2. 制備的RNA必須不含RT-qPCR抑制劑,例如有機溶劑等。
3. 盡量減少RNA樣品的凍融次數,同時避免RNA酶污染,以減少RNA降解的風險。(RNA降解會極大地限制了RT-qPCR反應的性能)
4. 樣本制備過程中,注意避免其他DNA的污染,DNA的干擾也會降低qPCR的準確性。

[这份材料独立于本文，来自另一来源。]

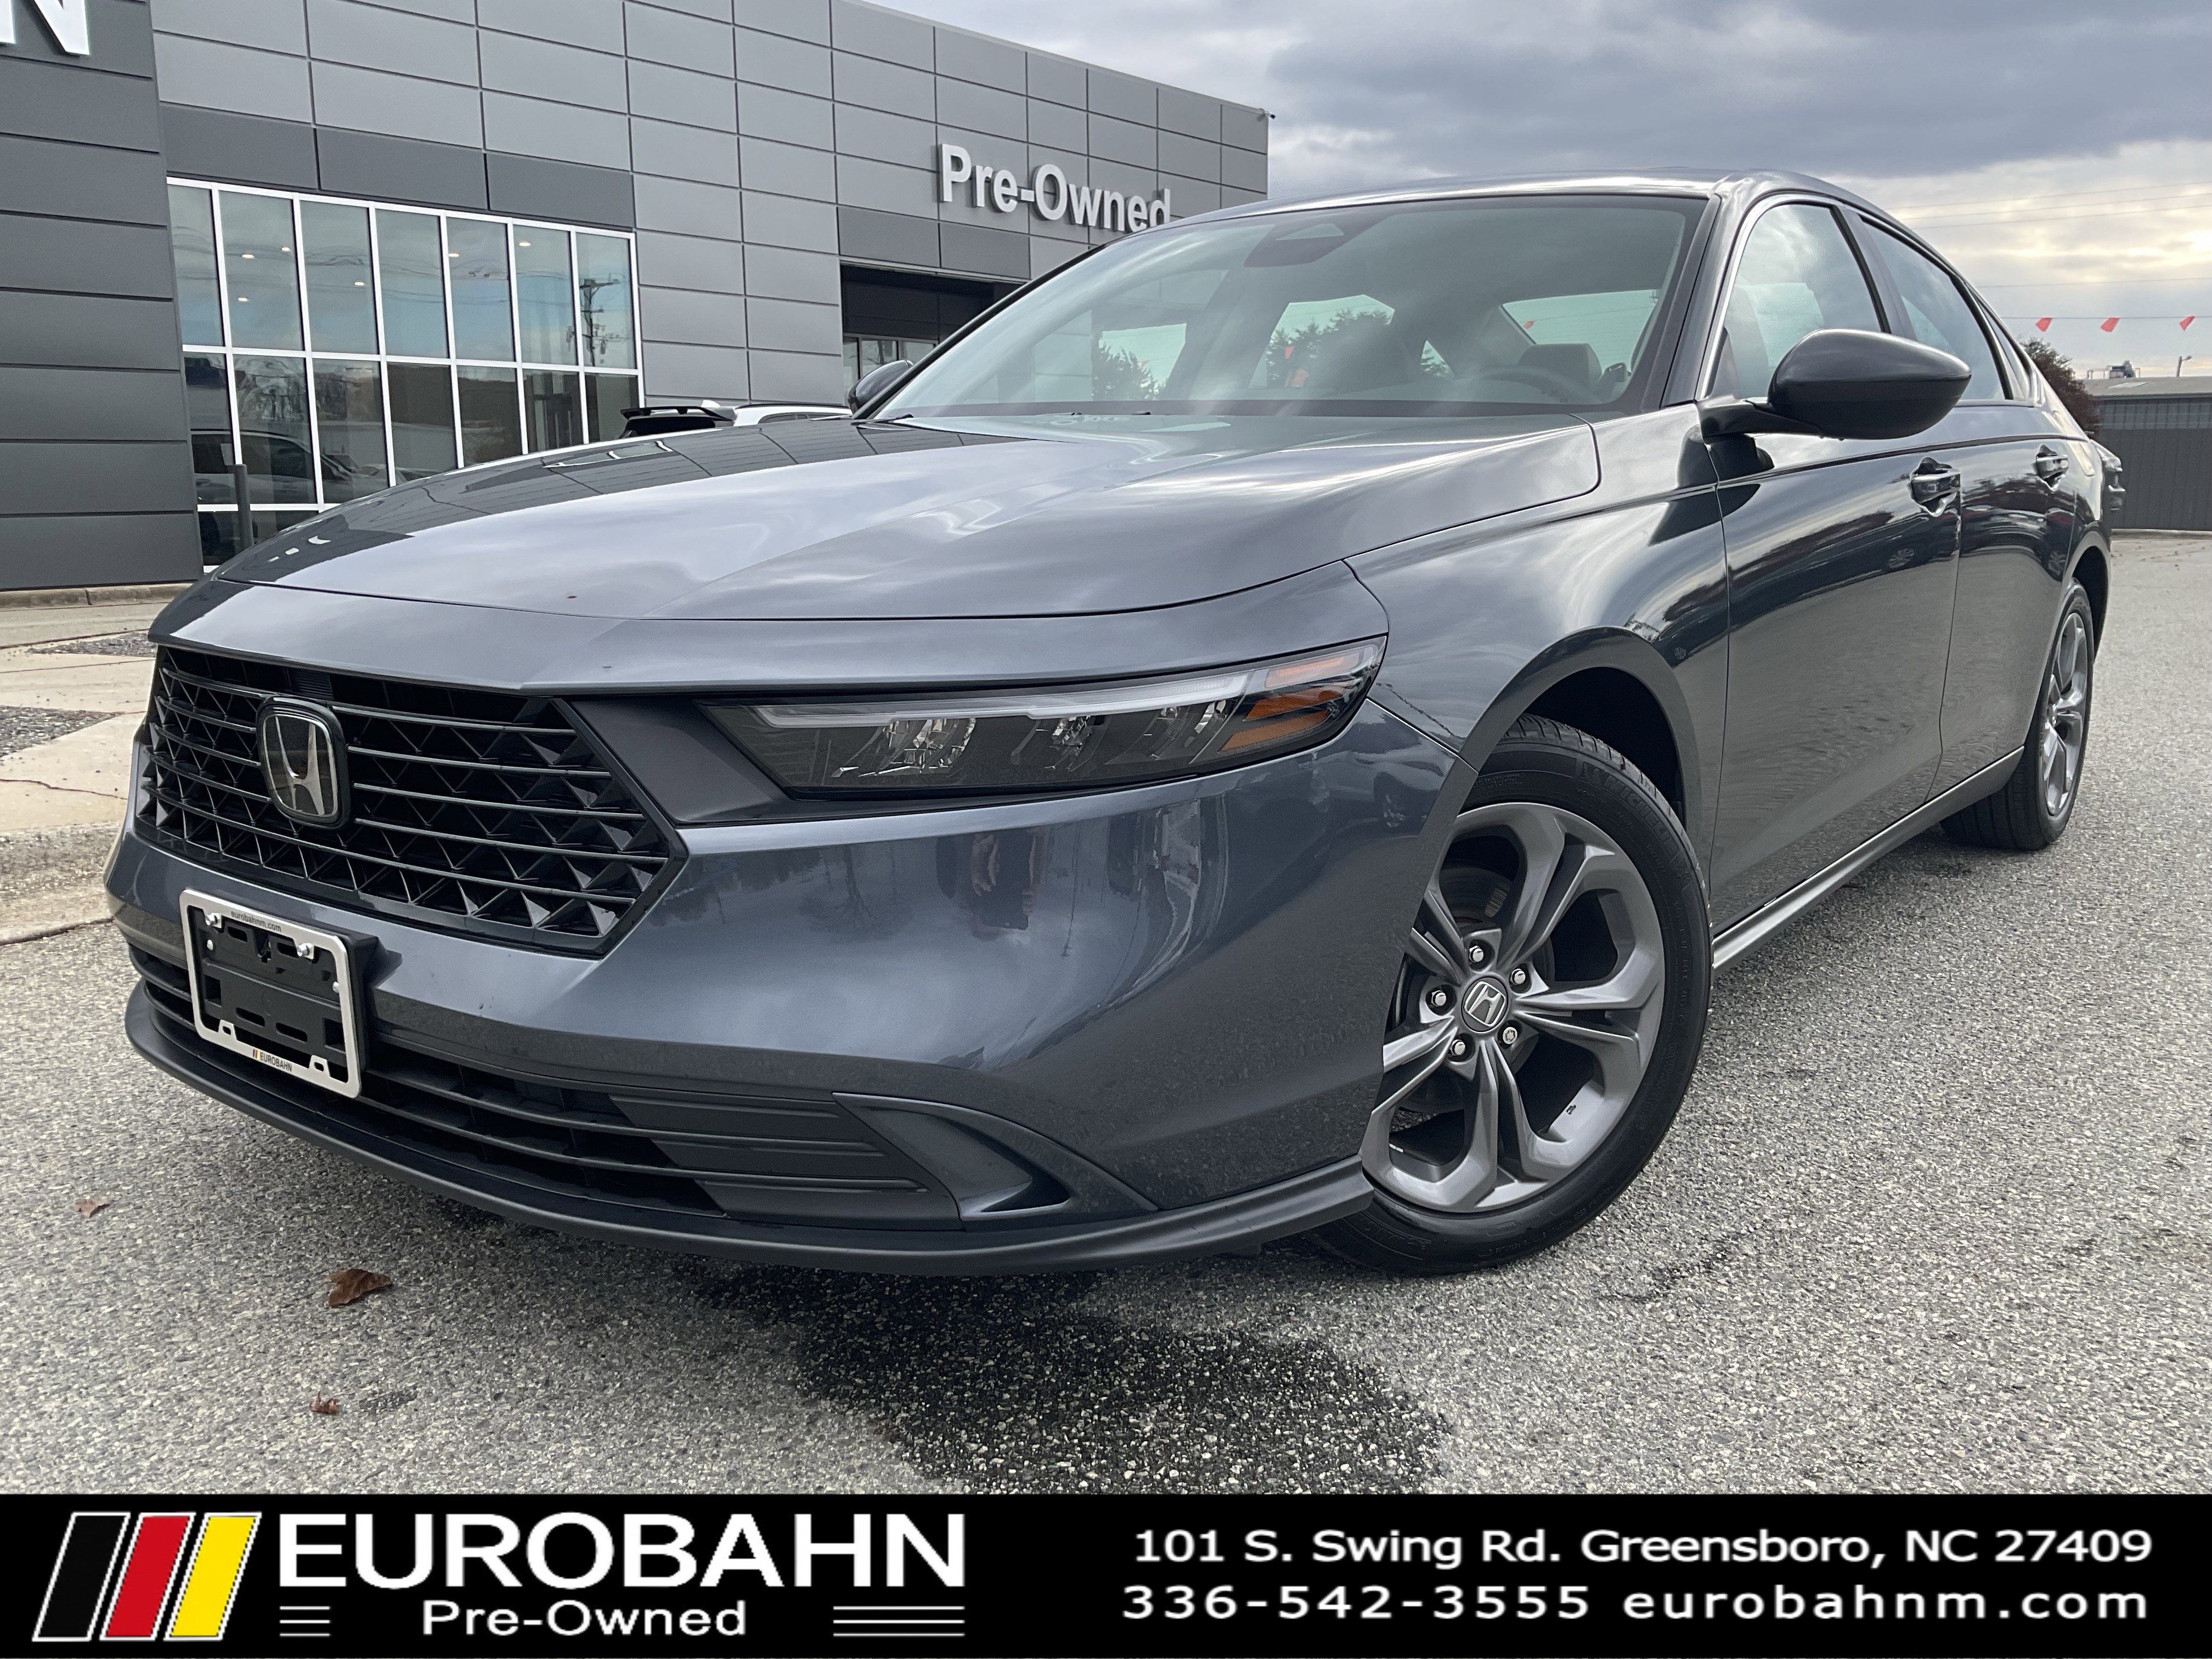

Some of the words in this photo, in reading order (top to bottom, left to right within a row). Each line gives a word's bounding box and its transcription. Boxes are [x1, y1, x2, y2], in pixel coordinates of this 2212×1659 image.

建議采用商品化的RNA提取試劑盒預先處理待檢物(如拭子、活檢組織、哺乳動物細胞和細菌),例如MB廠家的
【RNA小提試劑盒】(英文名:ExtractNow? RNA Mini Kit,貨號603-1050)
【病毒RNA提取試劑盒】
(英文名:ExtractNow? Virus RNA Kit, 貨號611-1010/-1050/-1250)
或使用其他已建立的方法。
六、操作注意事項:
該試劑盒應僅由經過培訓的實驗室人員使用。始終穿上合適的防護服和戴一次性手套。
根據樣品類型,應謹慎處理所有樣品。 該試劑盒不含有害物質。殘余物可以根據當地法規丟棄。
七、操作步驟
步驟1. 凍干粉ConviFlex?RT-Taq Mix,**速離心5秒鐘,然后加入260μl復溶緩沖液2×Rehydration Buffer,室溫靜置5分鐘后,渦旋并離心5秒鐘,分裝,待用或-18℃保存。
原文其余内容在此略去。